Mais si Villeneuve-sur-Lot se frotte les mains, Fumel, lui rage. Car l’ARS a octroyé ces lits long séjour en en prélevant 30 sur l’établissement fumélois. De quoi  déshabiller Pierre pour habiller Paul…

Une histoire de subventions
« Certes, nous n’avons pas de lits en moins puisque les longs séjours sont transformés en Ehpad » précise Isabelle Lala, représentante CGT du personnel de Fumel. « Mais cela a des répercussions sur le budget du service et sur le personnel ».

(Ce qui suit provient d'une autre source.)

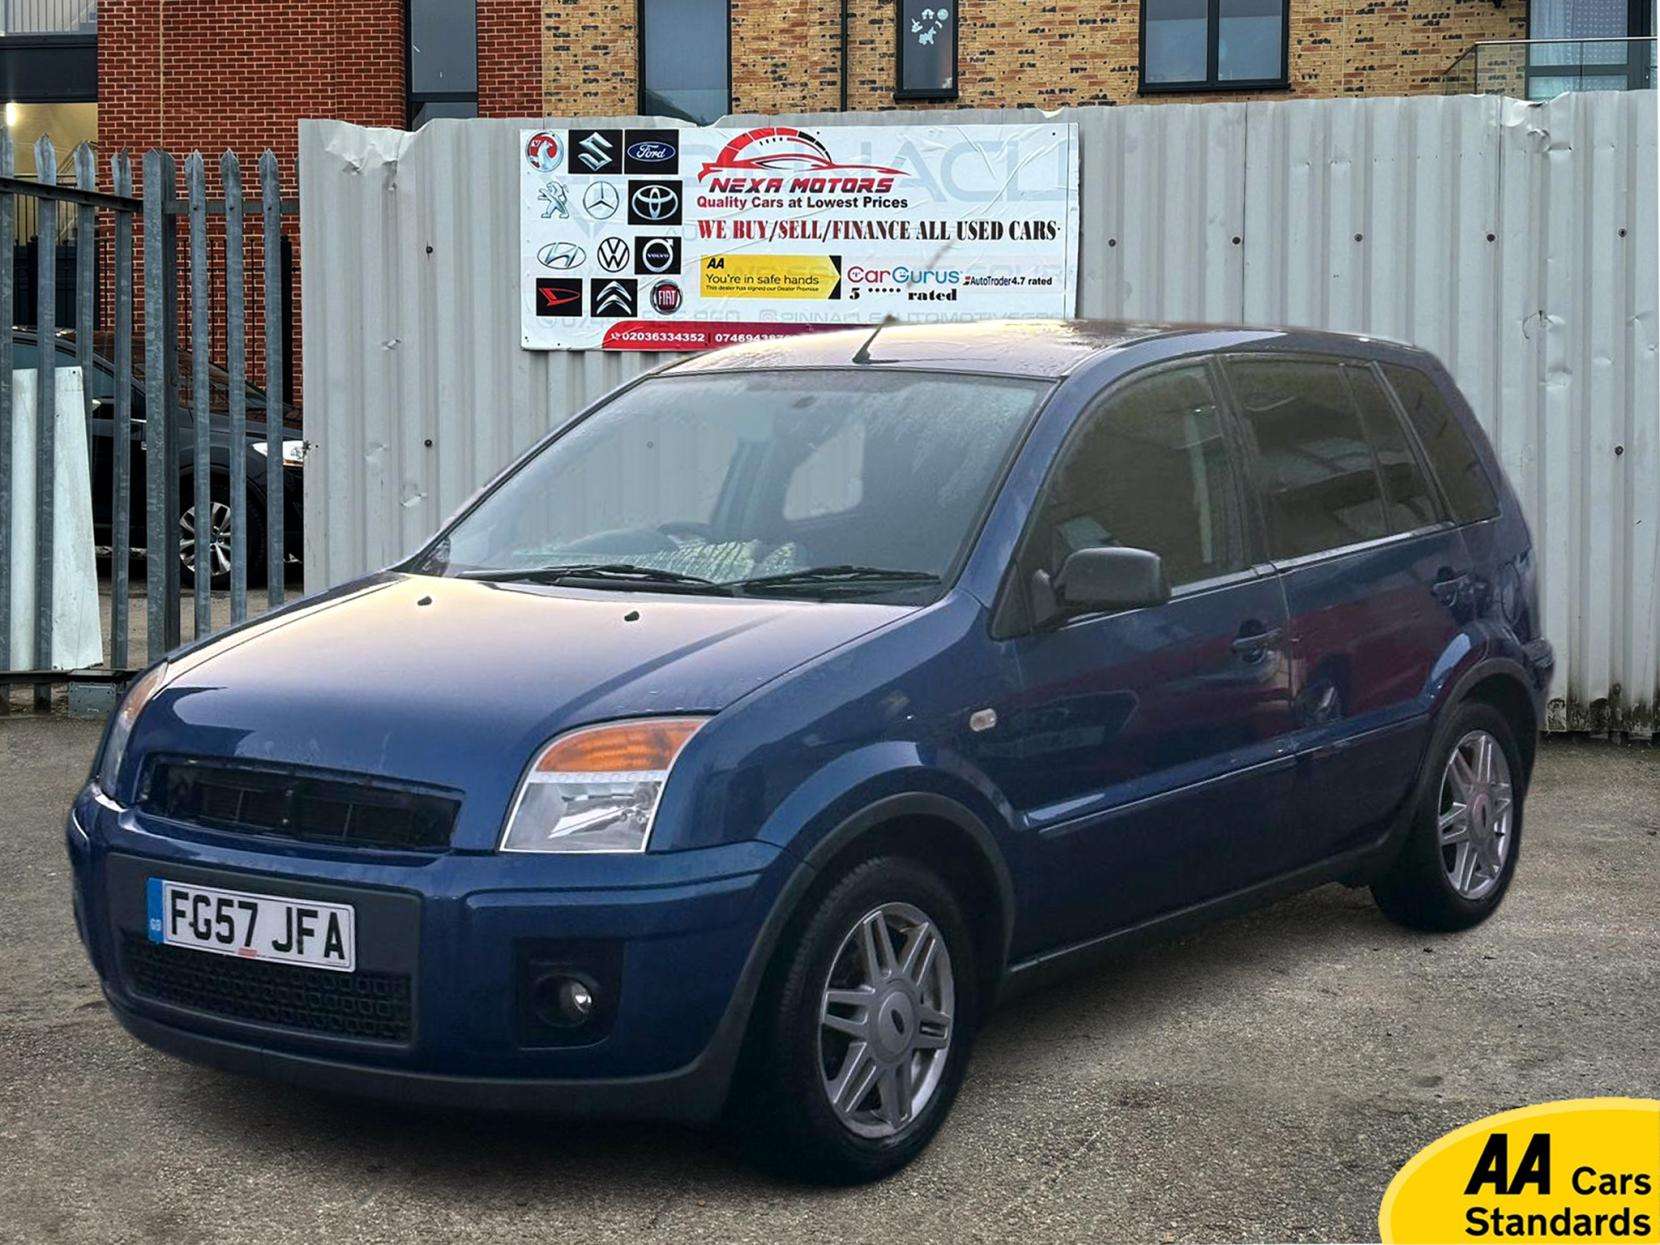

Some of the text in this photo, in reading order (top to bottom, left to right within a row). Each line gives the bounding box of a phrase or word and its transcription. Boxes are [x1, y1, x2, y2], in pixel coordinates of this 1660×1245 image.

[636, 145, 666, 159] Ford
[708, 177, 895, 194] NEXA MOTORS
[697, 196, 908, 211] Quality Cars at Lowest Prices
[697, 220, 727, 240] WE
[916, 221, 951, 240] ALL
[956, 220, 1004, 241] USED
[1008, 220, 1057, 241] CARS
[706, 257, 725, 270] AA
[706, 274, 819, 285] You're in safe hands
[847, 266, 960, 284] CarGurus
[1027, 276, 1053, 286] rated
[658, 290, 677, 305] FIAT
[849, 287, 958, 301] 5 rated
[715, 333, 799, 342] 0746943
[170, 889, 345, 960] FG57 JFA

En effet, un établissement hospitalier touche davantage d’argent pour des lits long séjour que pour un Ehpad : « Les longs séjours réclament une prise en charge plus conséquente en temps et en personnel » ajoute Joël Fauvelle, secrétaire CGT et personnel soignant sur Fumel. « Irrémédiablement, la décision de l’ARS va entraîner des suppressions de postes à Fumel qui vont toucher des emplois actuellement en CDD ».
Les représentants CGT ont ainsi calculé que 10 emplois allaient disparaître à Fumel. « En sachant que nos patients, eux, ne seront pas déplacés avec les lits… Alors, de quelle prise en charge vont-ils pouvoir bénéficier avec un personnel déjà en effectif limite ? » s’interroge Isabelle Lala.